### Required action
Leave out the images and set down the records below exactly.

### Information
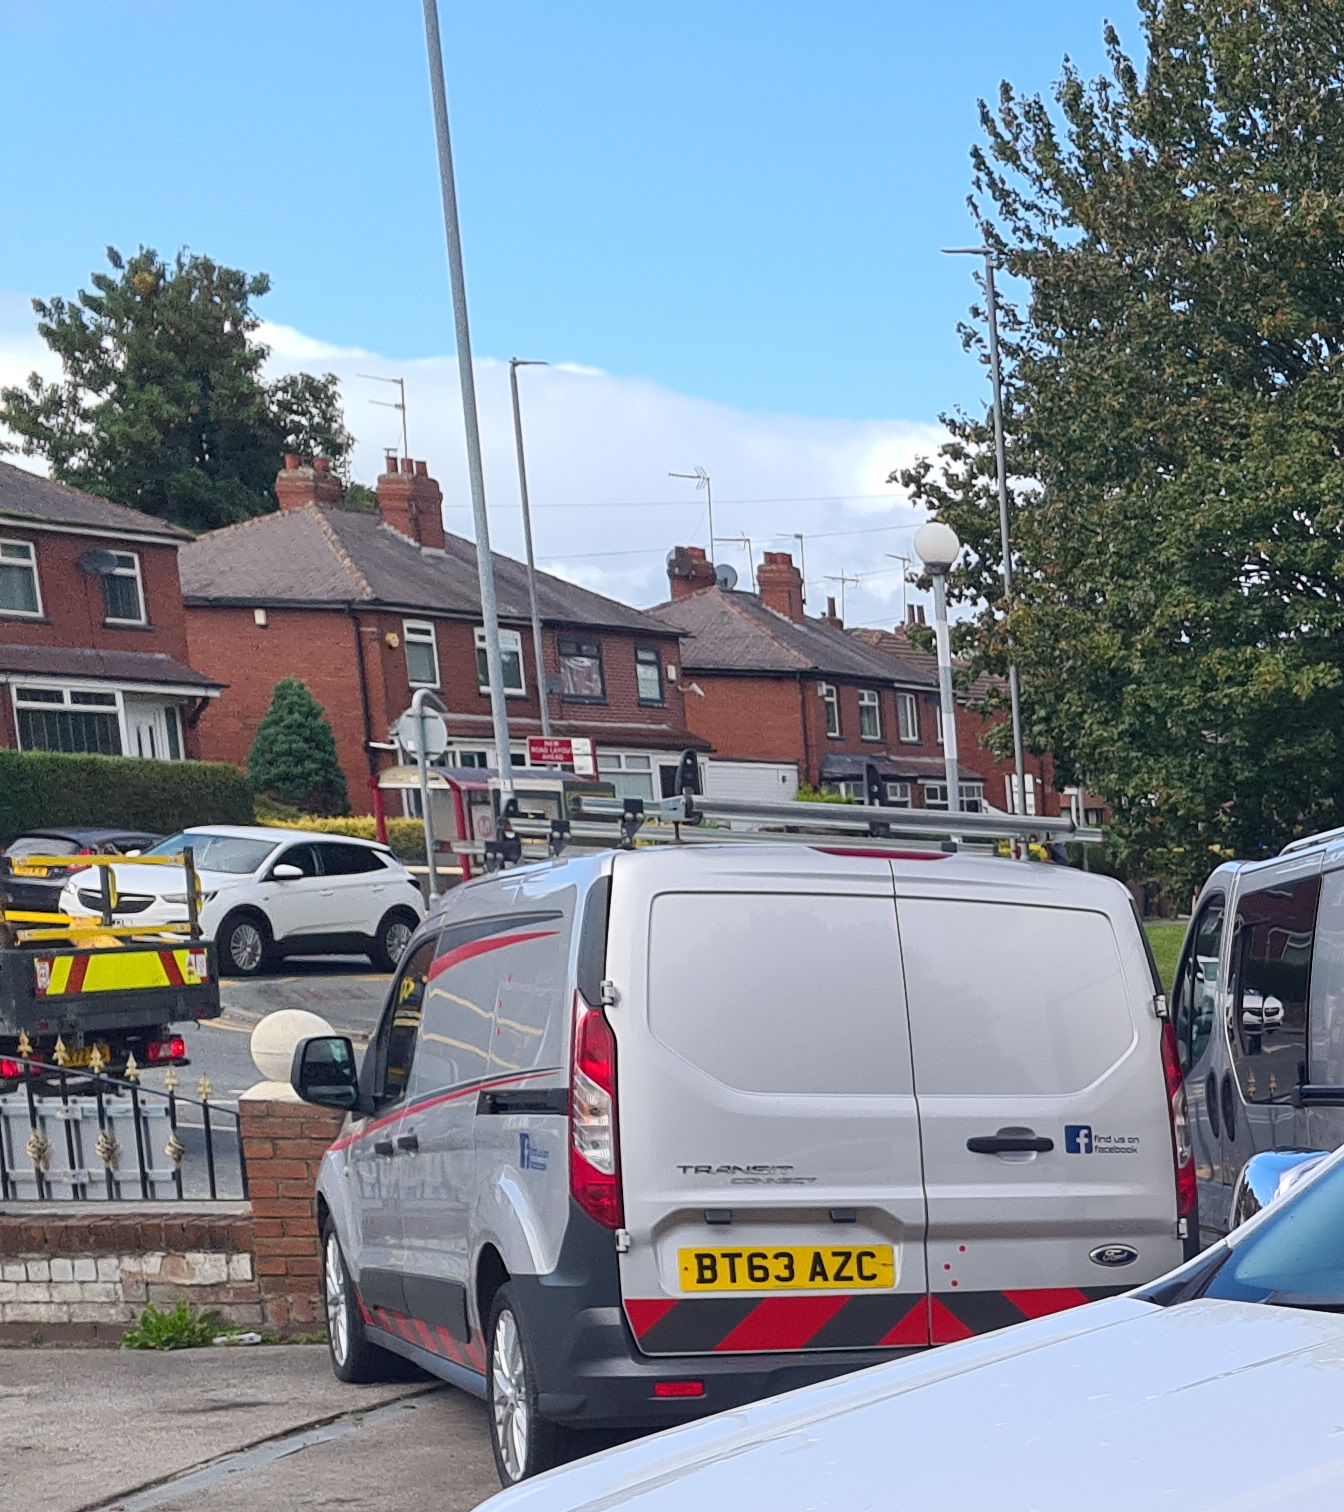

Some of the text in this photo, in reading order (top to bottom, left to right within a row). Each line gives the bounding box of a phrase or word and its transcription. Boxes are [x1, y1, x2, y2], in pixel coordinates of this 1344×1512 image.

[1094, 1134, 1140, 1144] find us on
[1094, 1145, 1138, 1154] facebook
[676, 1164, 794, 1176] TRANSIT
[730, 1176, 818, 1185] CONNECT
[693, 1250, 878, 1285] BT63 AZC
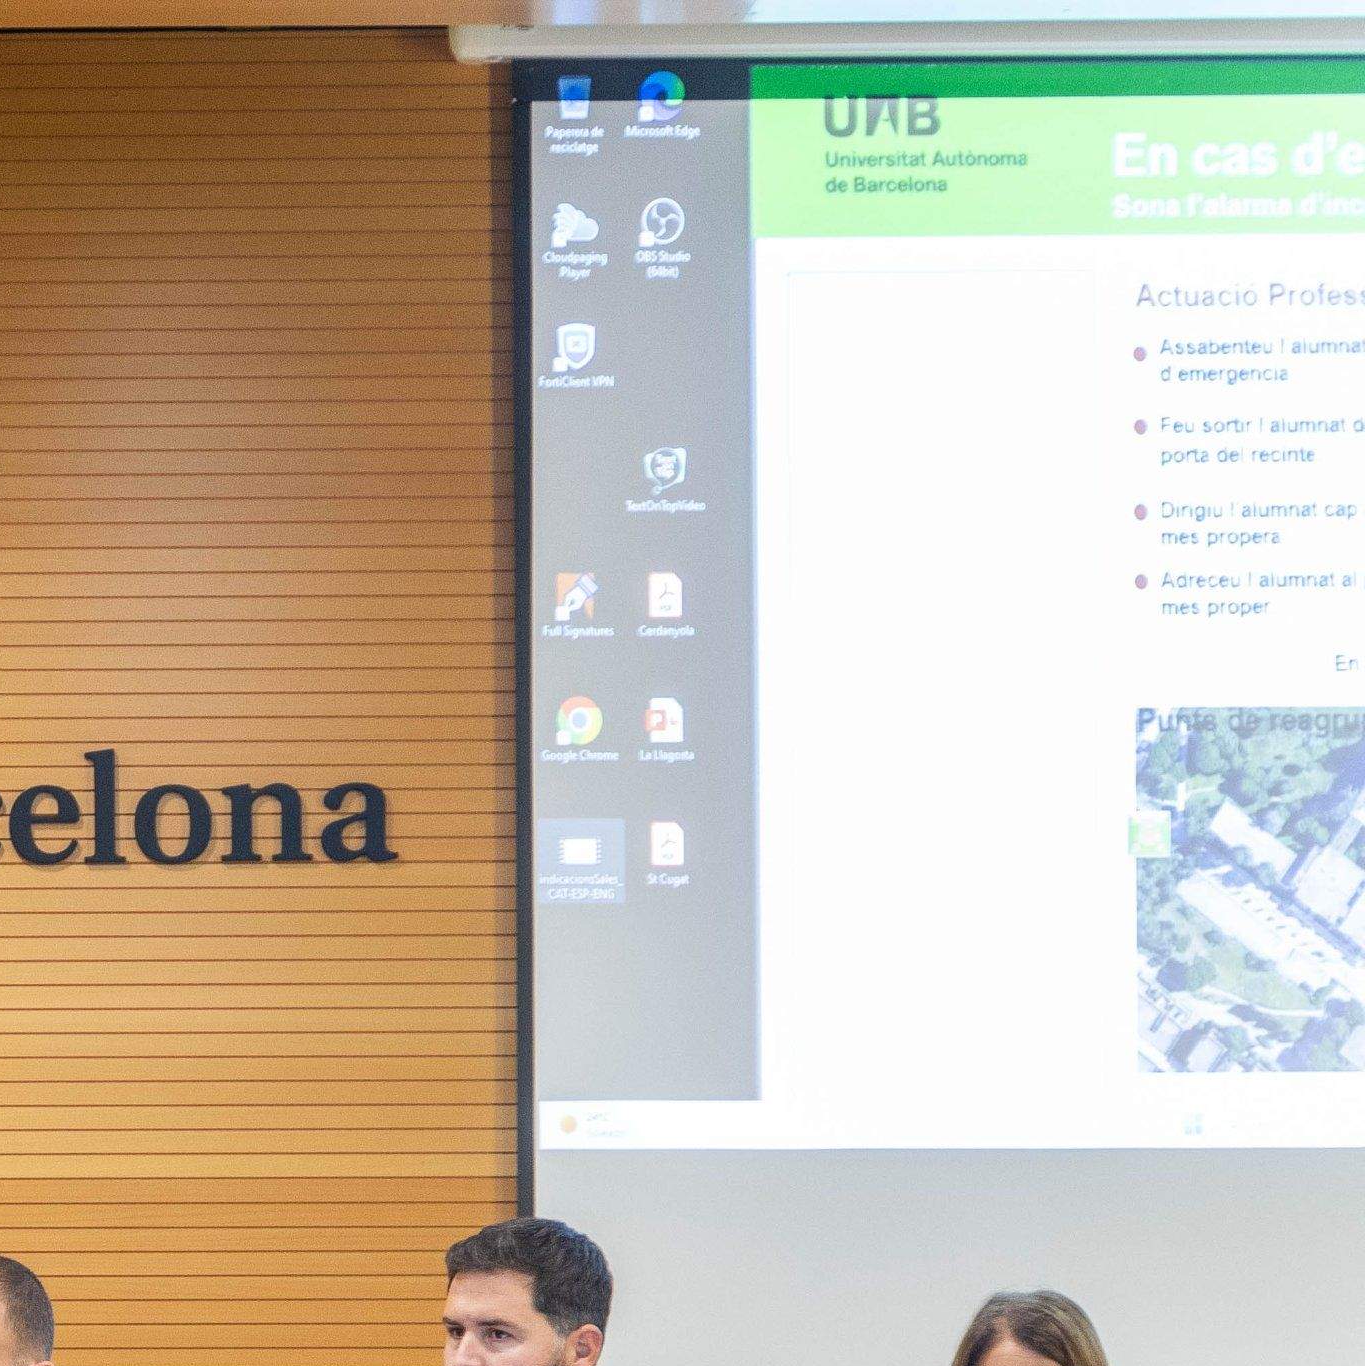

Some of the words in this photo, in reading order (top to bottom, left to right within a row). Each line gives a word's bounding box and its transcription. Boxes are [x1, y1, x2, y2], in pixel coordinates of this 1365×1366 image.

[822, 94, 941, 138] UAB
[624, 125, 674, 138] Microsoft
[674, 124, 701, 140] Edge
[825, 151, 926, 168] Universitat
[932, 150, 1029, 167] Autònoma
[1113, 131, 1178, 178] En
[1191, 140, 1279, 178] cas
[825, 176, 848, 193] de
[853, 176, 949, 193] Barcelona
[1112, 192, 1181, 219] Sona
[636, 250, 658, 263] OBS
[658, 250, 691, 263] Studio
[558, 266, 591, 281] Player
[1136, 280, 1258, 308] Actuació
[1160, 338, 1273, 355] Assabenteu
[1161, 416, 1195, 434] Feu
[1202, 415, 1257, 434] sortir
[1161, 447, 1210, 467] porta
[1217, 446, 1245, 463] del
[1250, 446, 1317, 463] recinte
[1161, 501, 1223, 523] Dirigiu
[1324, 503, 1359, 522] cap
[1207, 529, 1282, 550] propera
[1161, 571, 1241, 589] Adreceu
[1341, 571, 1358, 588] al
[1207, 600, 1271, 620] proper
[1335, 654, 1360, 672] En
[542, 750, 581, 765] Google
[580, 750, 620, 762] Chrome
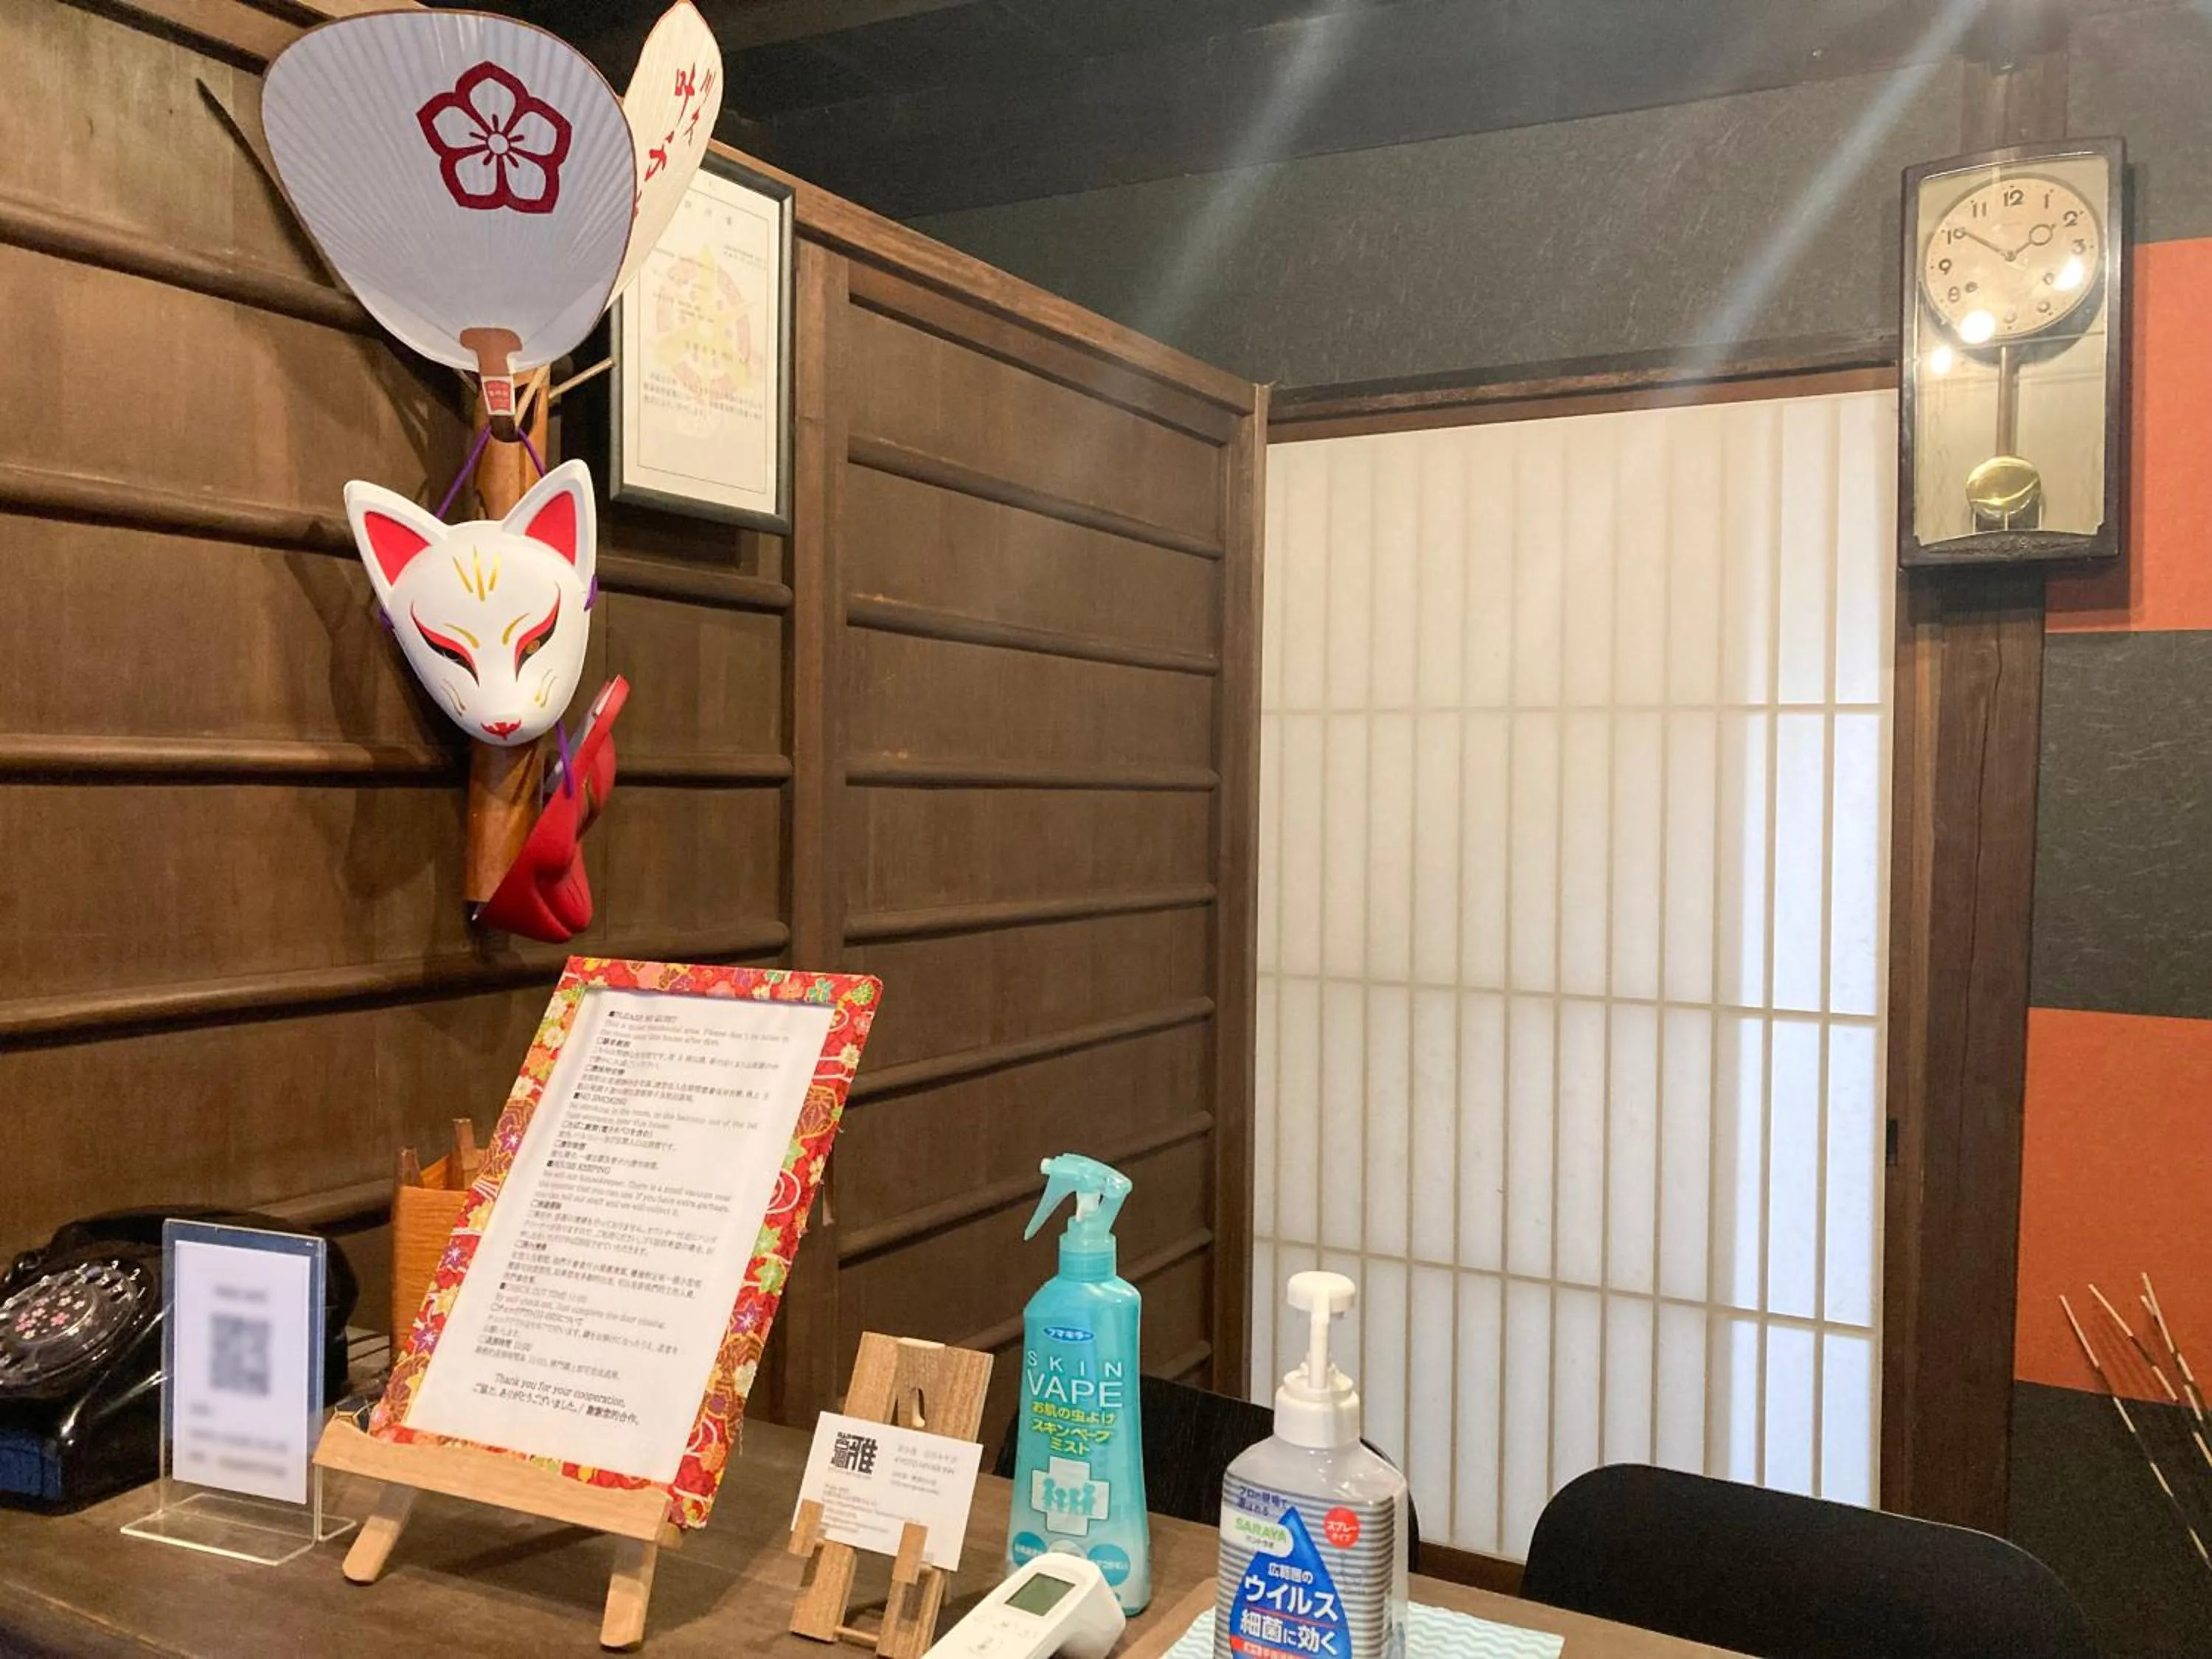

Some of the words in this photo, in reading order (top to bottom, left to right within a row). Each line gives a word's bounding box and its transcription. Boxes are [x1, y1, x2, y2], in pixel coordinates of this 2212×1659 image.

### Exercise answer
Some of the text in this photo, in reading order (top to bottom, left to right within a row). Each line gives the bounding box of a phrase or word and its transcription. Boxes are [x1, y1, x2, y2], in pixel coordinates of this 1344×1512 image.

[1094, 1134, 1140, 1144] find us on
[1094, 1145, 1138, 1154] facebook
[676, 1164, 794, 1176] TRANSIT
[730, 1176, 818, 1185] CONNECT
[693, 1250, 878, 1285] BT63 AZC

Some of the words in this photo, in reading order (top to bottom, left to right within a row). Each line gives a word's bounding box and its transcription. Boxes are [x1, y1, x2, y2], in pixel coordinates of this 1365×1366 image.

[822, 94, 941, 138] UAB
[624, 125, 674, 138] Microsoft
[674, 124, 701, 140] Edge
[825, 151, 926, 168] Universitat
[932, 150, 1029, 167] Autònoma
[1113, 131, 1178, 178] En
[1191, 140, 1279, 178] cas
[825, 176, 848, 193] de
[853, 176, 949, 193] Barcelona
[1112, 192, 1181, 219] Sona
[636, 250, 658, 263] OBS
[658, 250, 691, 263] Studio
[558, 266, 591, 281] Player
[1136, 280, 1258, 308] Actuació
[1160, 338, 1273, 355] Assabenteu
[1161, 416, 1195, 434] Feu
[1202, 415, 1257, 434] sortir
[1161, 447, 1210, 467] porta
[1217, 446, 1245, 463] del
[1250, 446, 1317, 463] recinte
[1161, 501, 1223, 523] Dirigiu
[1324, 503, 1359, 522] cap
[1207, 529, 1282, 550] propera
[1161, 571, 1241, 589] Adreceu
[1341, 571, 1358, 588] al
[1207, 600, 1271, 620] proper
[1335, 654, 1360, 672] En
[542, 750, 581, 765] Google
[580, 750, 620, 762] Chrome

Some of the words in this photo, in reading order (top to bottom, left to right within a row). Each line gives a word's bounding box and its transcription. Boxes are [x1, y1, x2, y2], in pixel coordinates of this 2212×1659 image.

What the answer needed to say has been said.